The inspectors evaluated a sample of departments that are required to provide input into the quarterly trend reports, which included maintenance and operations departments.
This review included a sample of issues and events that occurred over the course of the past two quarters to objectively determine whether issues were appropriately considered or ruled as emerging or adverse trends, and in some cases, verified the appropriate disposition of resolved trends. The inspectors verified that these issues were addressed within the scope of the CAP, or through department review and documentation in the quarterly trend report for overall assessment. For example, CENG staff identified a negative trend in the quality of written work instructions that is impacting maintenance personnel in the field. The inspectors verified that CENG staff had corrective actions in place to address this trend. These corrective actions include the implementation of focus teams to improve work orders; monthly work order quality meetings; and review of site and fleet procedures for conflicting guidance (CR-2013-006373). CENG personnel identified a declining trend in the area of configuration control involving component mispositioning and safety tagging events. Five component mispositions were identified during Unit 2 outage and two level 2 safety tagging events were identified in September 2013. The inspectors verified that CENG staff had corrective actions in place to address this trend. Corrective actions include monthly configuration control oversight board meetings; focused deep observations; and the usage of CNG-OP-1.01-GL006, Guidelines for Performing Clearance Activities, by work order workers.

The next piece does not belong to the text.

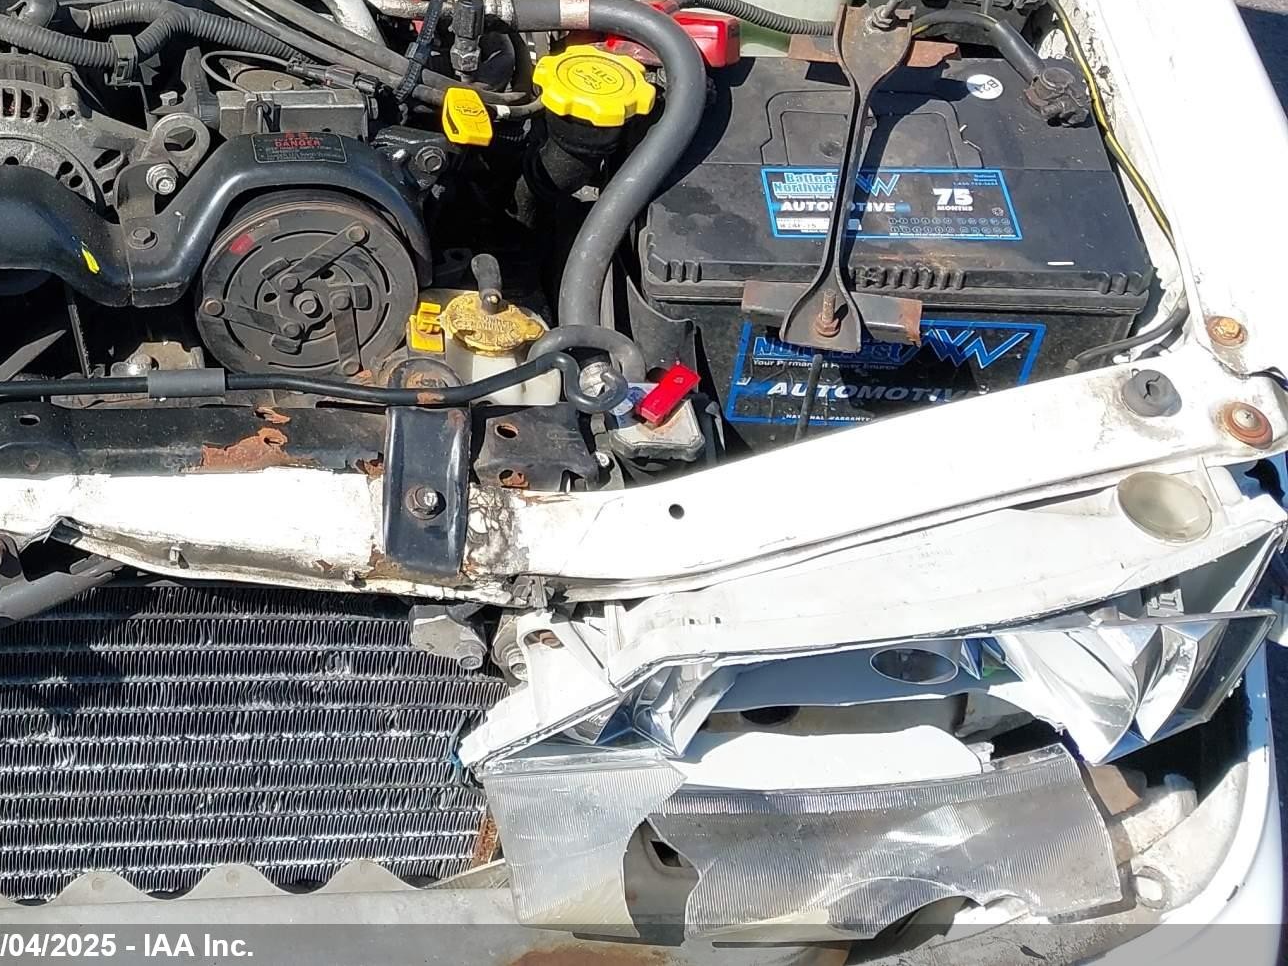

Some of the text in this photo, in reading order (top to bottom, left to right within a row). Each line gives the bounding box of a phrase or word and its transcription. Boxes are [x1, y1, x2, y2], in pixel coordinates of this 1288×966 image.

[274, 139, 321, 147] DANGER
[932, 188, 974, 206] 75
[753, 359, 775, 367] Your
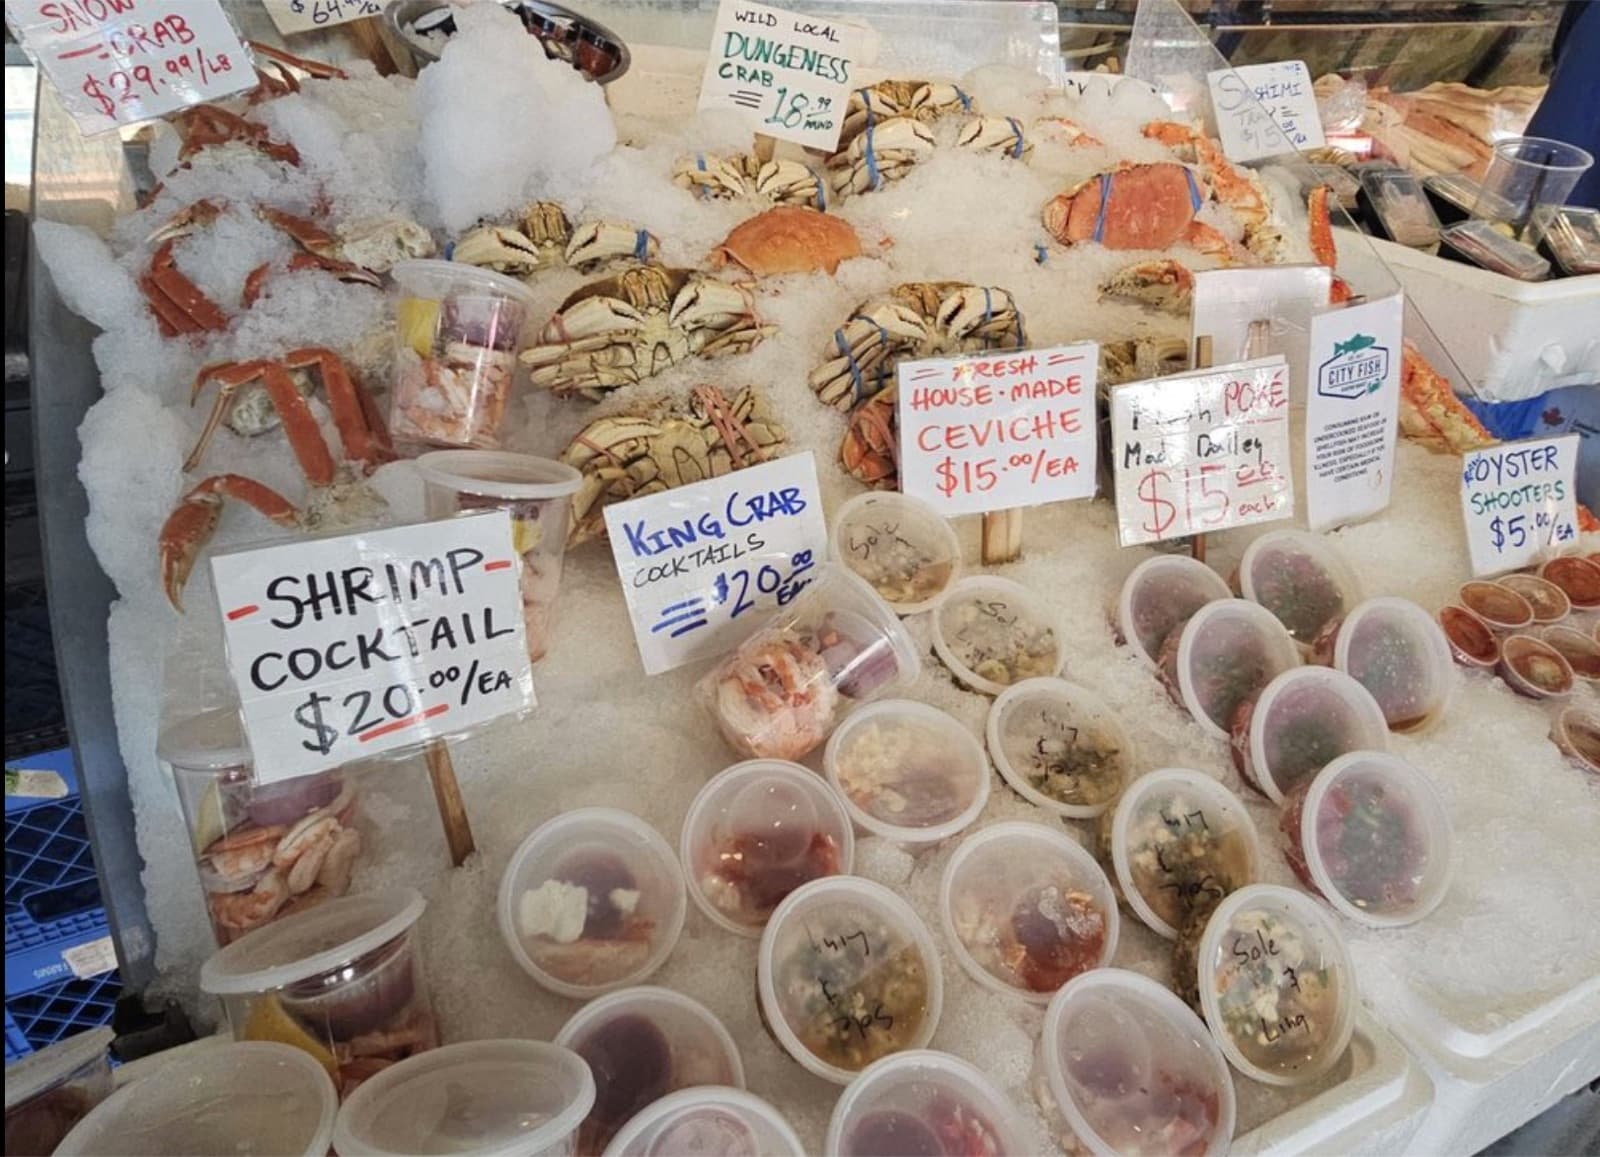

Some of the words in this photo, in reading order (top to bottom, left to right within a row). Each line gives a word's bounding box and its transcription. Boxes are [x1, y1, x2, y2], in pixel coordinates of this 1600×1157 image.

Additionally, the inspectors identified an increase in inadequate maintenance rule functional failure (MRFF) evaluations. Within the past five months, the inspectors identified four of five inadequate MRFF evaluations. CENG personnel initiated CR-2013-006941 to document and evaluate this trend. An apparent cause evaluation was performed and determined that MRFFs were missed because CRs were not routed to the responsible system engineers to perform maintenance rule evaluations. Corrective actions to resolve this negative trend include that all hardware related CRs, on a system within the scope of the maintenance rule, would be routed to the to the system engineer to determine if a maintenance rule evaluation is required.
.3 Annual Sample:
Review of the Operator Workaround Program
a. Inspection Scope
The inspectors reviewed the cumulative effects of the existing operator workarounds, operator burdens, existing operator aids and disabled alarms, and open main control room deficiencies to identify any affect on EOP operator actions, and any impact on possible initiating events and mitigating systems. The inspectors evaluated whether station personnel had identified, assessed, and reviewed operator workarounds as specified in CNG-OP-1.01-2010, Operator Workaround/Challenge Control.

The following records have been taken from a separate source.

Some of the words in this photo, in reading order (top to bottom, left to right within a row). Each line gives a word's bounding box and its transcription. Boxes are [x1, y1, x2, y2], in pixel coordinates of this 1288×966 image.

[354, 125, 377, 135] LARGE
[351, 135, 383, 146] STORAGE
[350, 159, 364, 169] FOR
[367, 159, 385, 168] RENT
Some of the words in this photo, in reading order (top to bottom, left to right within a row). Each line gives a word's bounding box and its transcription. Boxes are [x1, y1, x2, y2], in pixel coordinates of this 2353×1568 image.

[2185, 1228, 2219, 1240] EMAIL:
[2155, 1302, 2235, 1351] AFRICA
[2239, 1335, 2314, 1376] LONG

b. Findings and Observations
No findings were identified.
The inspectors determined that operator workarounds were classified, tracked, and assessed in accordance with CENGs procedures.
.4 Annual Sample:
1A EDG Inoperability and Combustion Pipe Penetration Boot Seal Degradation
a. Inspection Scope
The inspectors performed an in-depth review of CENG staffs evaluations and the effectiveness of the corrective actions associated with the 1A EDG becoming inoperable during Hurricane Irene on the evening of August 27, 2011. Specifically, wind-driven rain passed through floor penetrations and entered the 1A2 speed switch connector causing the switch to short-circuit. CENG staff completed a root causal analysis (CR-2011-008708) and determined the root cause to be improper installation and design of the penetration around the 1A2 combustion air intake pipe on the 80 elevation of the 1A EDG building. An additional contributing cause was determined to be configuration control of the floor drains on that level, in particular, having sock filters installed in those drains to collect dust and debris. CR-2012-000468 and CR-2012-005544 were issued after CENG staff identified that there was no documentation associated with the impact of wind-driven rain on the 1A EDG building and that the 1A EDG intake pipe floor penetration pipe boots were not leak tight.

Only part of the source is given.